Saved data entries:
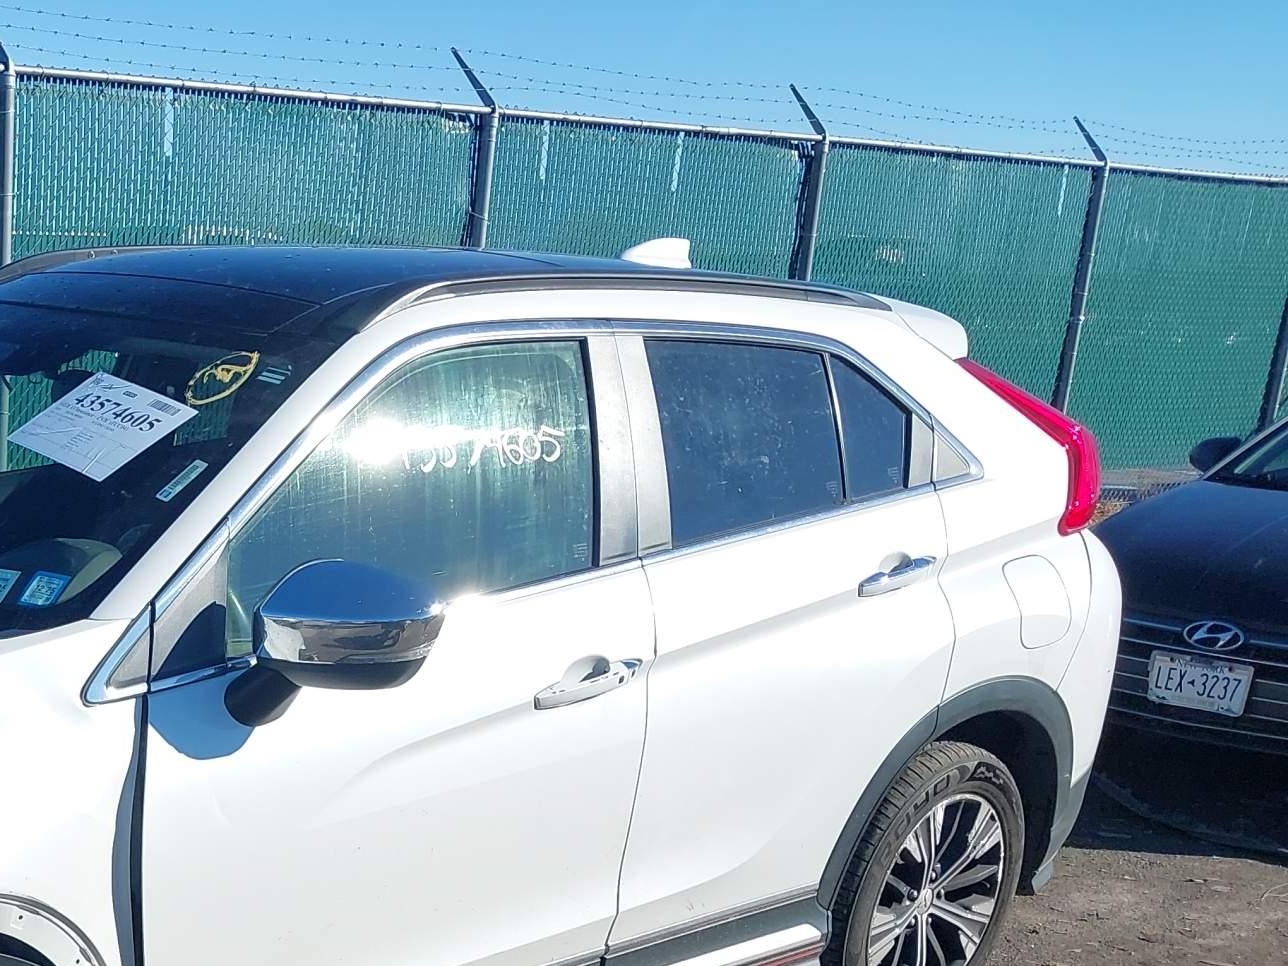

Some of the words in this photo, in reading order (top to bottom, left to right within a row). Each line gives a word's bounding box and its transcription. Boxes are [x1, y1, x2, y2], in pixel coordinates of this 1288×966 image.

[74, 392, 163, 432] 43574605
[401, 424, 565, 473] 74605
[1154, 665, 1188, 694] LEX
[1196, 672, 1242, 702] 3237
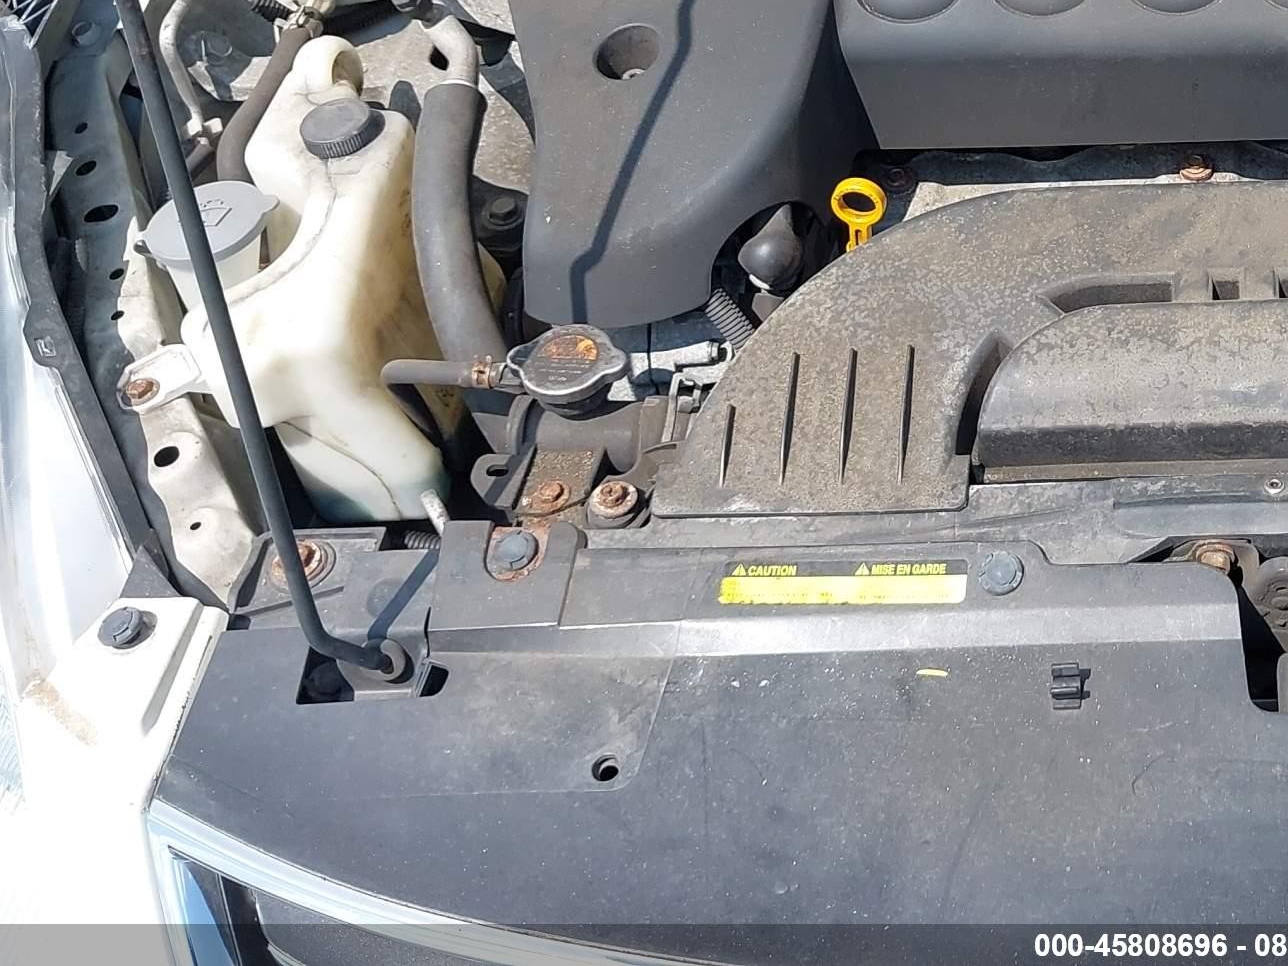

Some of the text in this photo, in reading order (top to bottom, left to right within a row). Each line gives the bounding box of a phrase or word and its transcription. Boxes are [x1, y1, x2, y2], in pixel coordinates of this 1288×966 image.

[748, 565, 797, 575] CAUTION
[872, 563, 946, 575] MISE EN GARDE
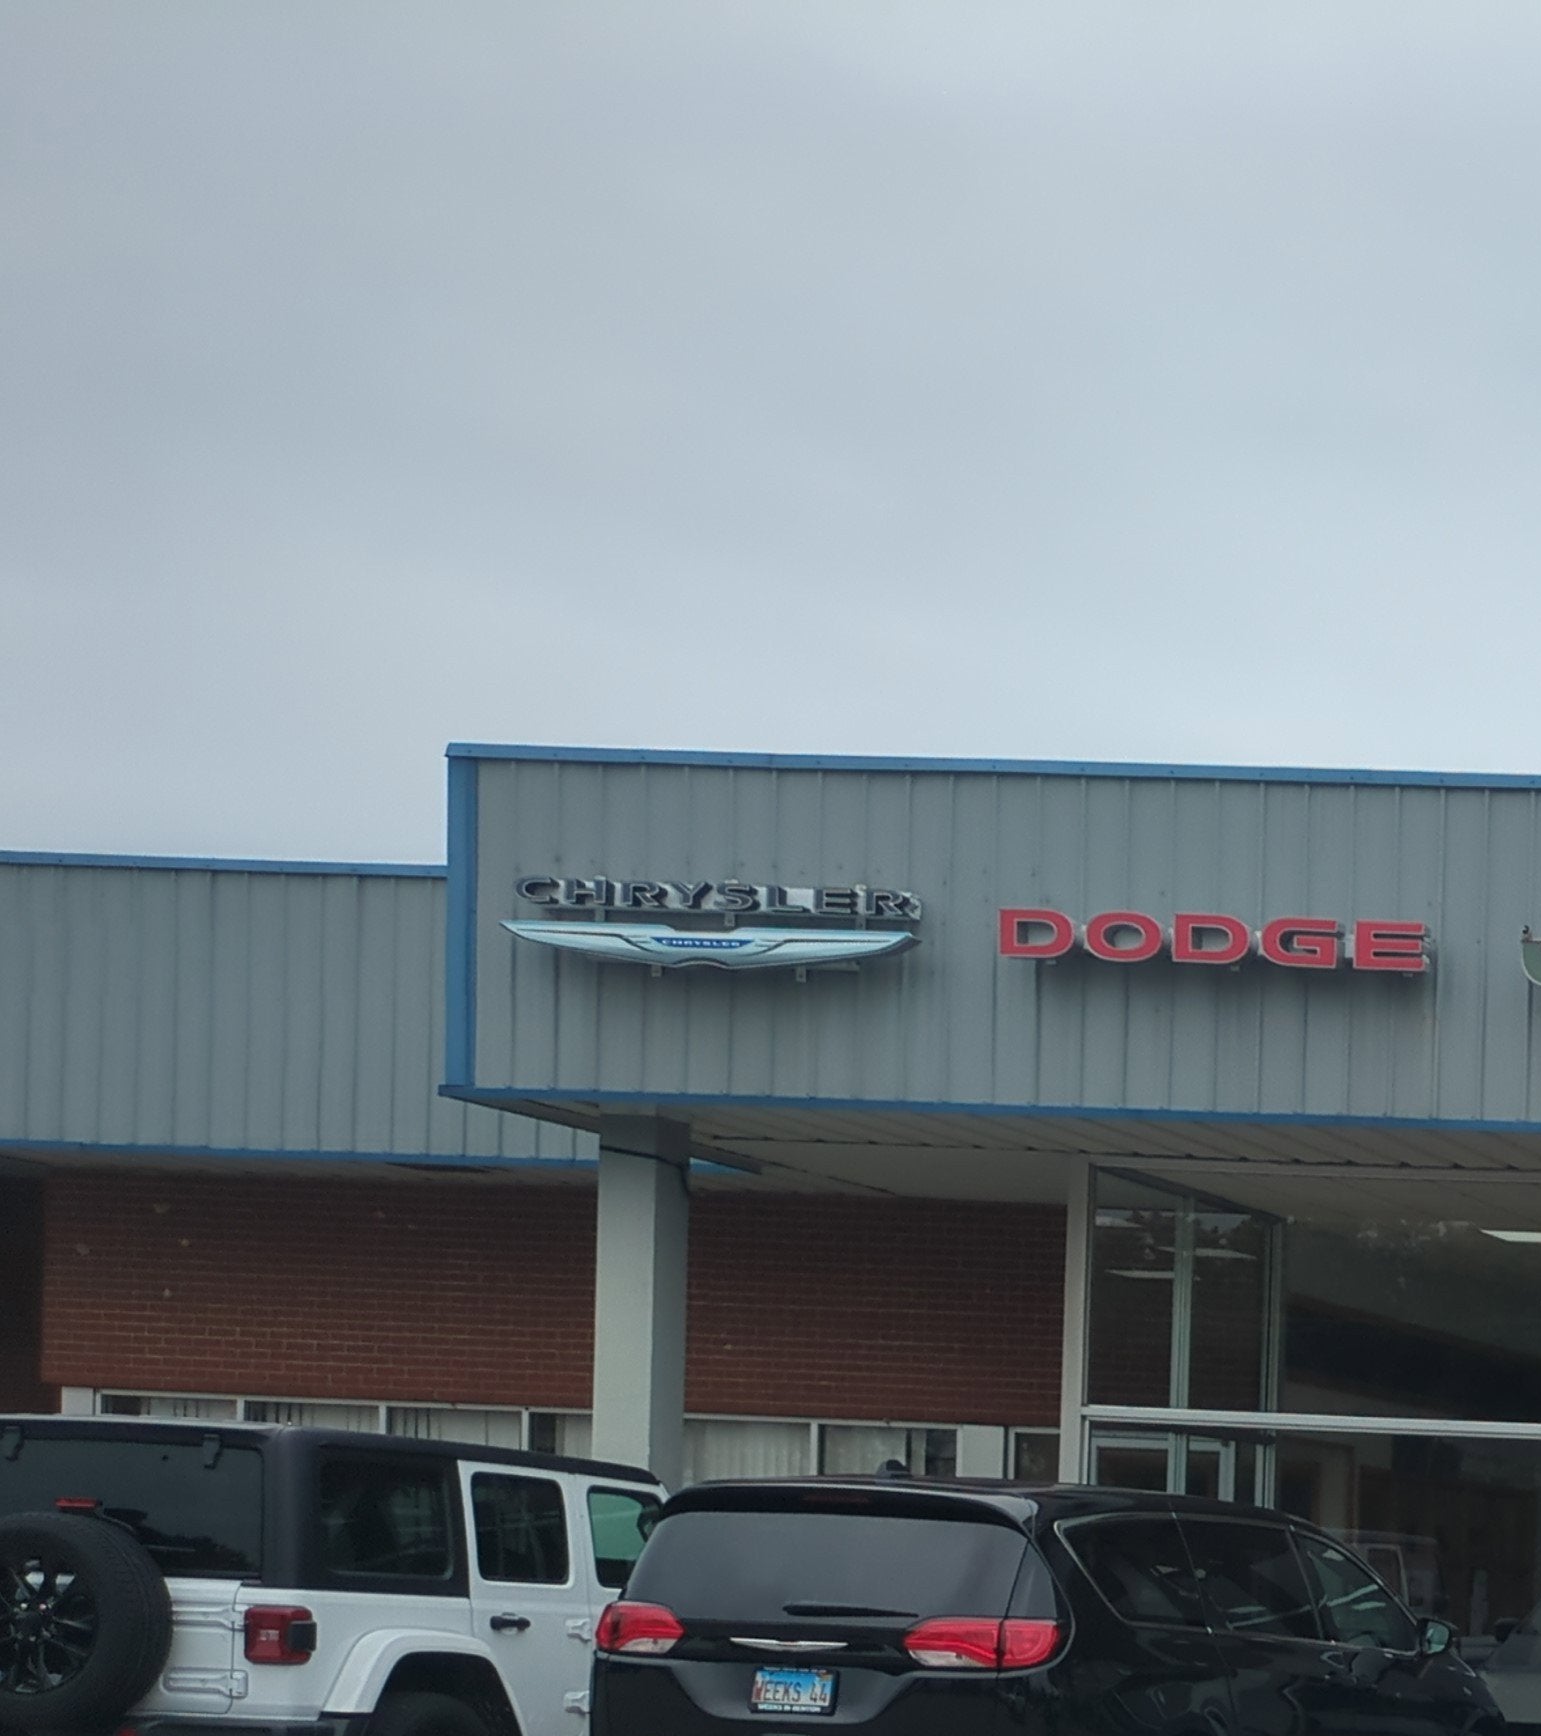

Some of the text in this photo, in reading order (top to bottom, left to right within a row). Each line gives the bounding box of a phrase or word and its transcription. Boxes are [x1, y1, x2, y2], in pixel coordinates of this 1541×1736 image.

[516, 875, 920, 918] CHRYSLER
[999, 908, 1428, 970] DODGE
[752, 1679, 828, 1704] WEEKS 44
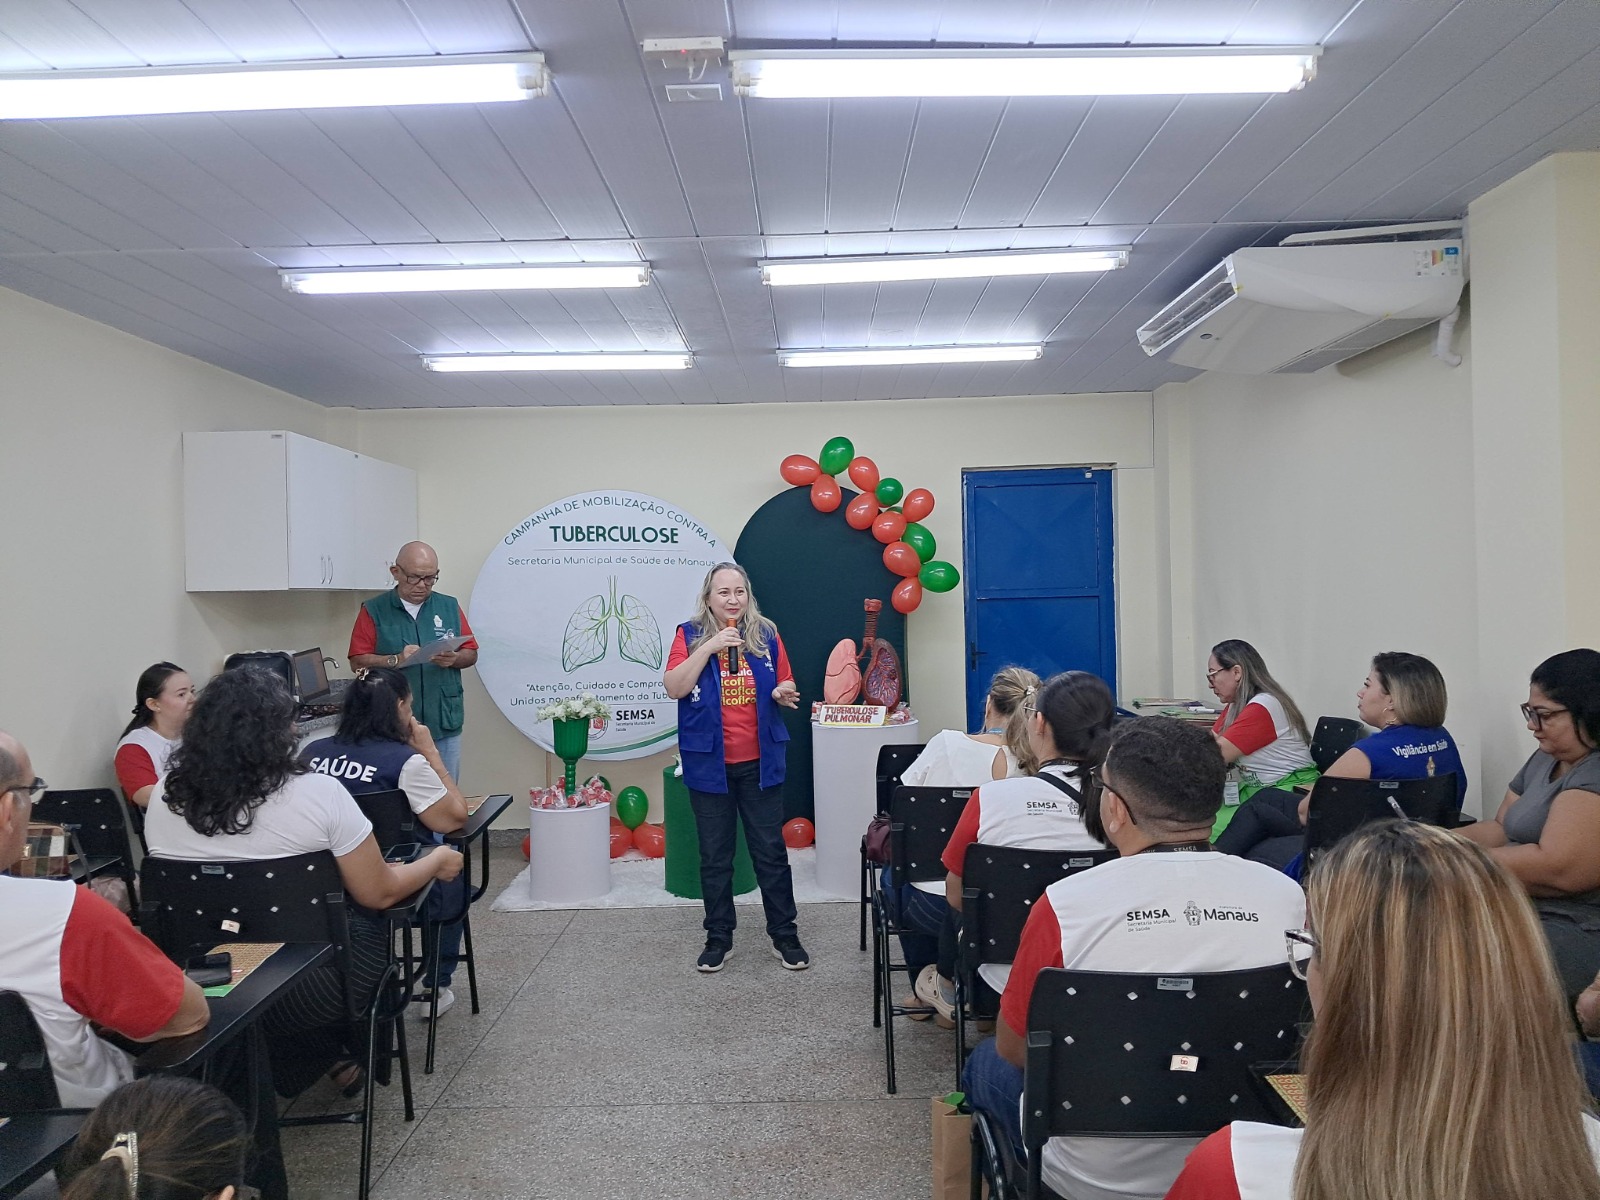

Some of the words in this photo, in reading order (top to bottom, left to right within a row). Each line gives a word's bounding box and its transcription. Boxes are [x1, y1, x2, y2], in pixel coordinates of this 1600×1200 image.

[504, 506, 563, 546] CAMPANHA
[563, 500, 580, 512] DE
[582, 496, 665, 515] MOBILIZAÇÃO
[666, 510, 709, 541] CONTRA
[708, 540, 716, 548] A
[549, 525, 679, 544] TUBERCULOSE
[507, 556, 561, 566] Secretaria
[563, 556, 613, 566] Municipal
[615, 556, 628, 564] de
[630, 556, 661, 565] Saúde
[663, 557, 676, 565] de
[678, 557, 716, 567] Manaus
[575, 681, 617, 690] Cuidado
[627, 680, 664, 690] Compro
[510, 697, 546, 706] Unidos
[637, 692, 649, 700] da
[615, 709, 655, 721] SEMSA
[824, 706, 879, 715] TUBERCULOSE
[824, 714, 872, 723] PULMONAR
[1391, 743, 1428, 759] Vigilância
[1428, 744, 1438, 753] em
[309, 754, 378, 783] SAÚDE
[1026, 801, 1058, 809] SEMSA
[1126, 908, 1171, 921] SEMSA
[1203, 908, 1259, 922] Manaus

• _PROBLEM_:
Go through the entries above and write them out again exactly, images left behind.

• _TASK SOLUTION_:
Some of the words in this photo, in reading order (top to bottom, left to right within a row). Each line gives a word's bounding box and its transcription. Boxes are [x1, y1, x2, y2], in pixel coordinates of this 1288×966 image.

[74, 392, 163, 432] 43574605
[401, 424, 565, 473] 74605
[1154, 665, 1188, 694] LEX
[1196, 672, 1242, 702] 3237

Some of the text in this photo, in reading order (top to bottom, left to right within a row). Each line gives the bounding box of a phrase or word and its transcription. Boxes are [x1, y1, x2, y2], in pixel coordinates of this 1288×966 image.

[748, 565, 797, 575] CAUTION
[872, 563, 946, 575] MISE EN GARDE

Some of the text in this photo, in reading order (top to bottom, left to right within a row). Each line gives the bounding box of a phrase or word and its transcription. Boxes are [x1, y1, x2, y2], in pixel coordinates of this 1541×1736 image.

[516, 875, 920, 918] CHRYSLER
[999, 908, 1428, 970] DODGE
[752, 1679, 828, 1704] WEEKS 44

Some of the words in this photo, in reading order (top to bottom, left to right within a row). Each line gives a word's bounding box and its transcription. Boxes are [x1, y1, x2, y2], in pixel coordinates of this 1600×1200 image.

[504, 506, 563, 546] CAMPANHA
[563, 500, 580, 512] DE
[582, 496, 665, 515] MOBILIZAÇÃO
[666, 510, 709, 541] CONTRA
[708, 540, 716, 548] A
[549, 525, 679, 544] TUBERCULOSE
[507, 556, 561, 566] Secretaria
[563, 556, 613, 566] Municipal
[615, 556, 628, 564] de
[630, 556, 661, 565] Saúde
[663, 557, 676, 565] de
[678, 557, 716, 567] Manaus
[575, 681, 617, 690] Cuidado
[627, 680, 664, 690] Compro
[510, 697, 546, 706] Unidos
[637, 692, 649, 700] da
[615, 709, 655, 721] SEMSA
[824, 706, 879, 715] TUBERCULOSE
[824, 714, 872, 723] PULMONAR
[1391, 743, 1428, 759] Vigilância
[1428, 744, 1438, 753] em
[309, 754, 378, 783] SAÚDE
[1026, 801, 1058, 809] SEMSA
[1126, 908, 1171, 921] SEMSA
[1203, 908, 1259, 922] Manaus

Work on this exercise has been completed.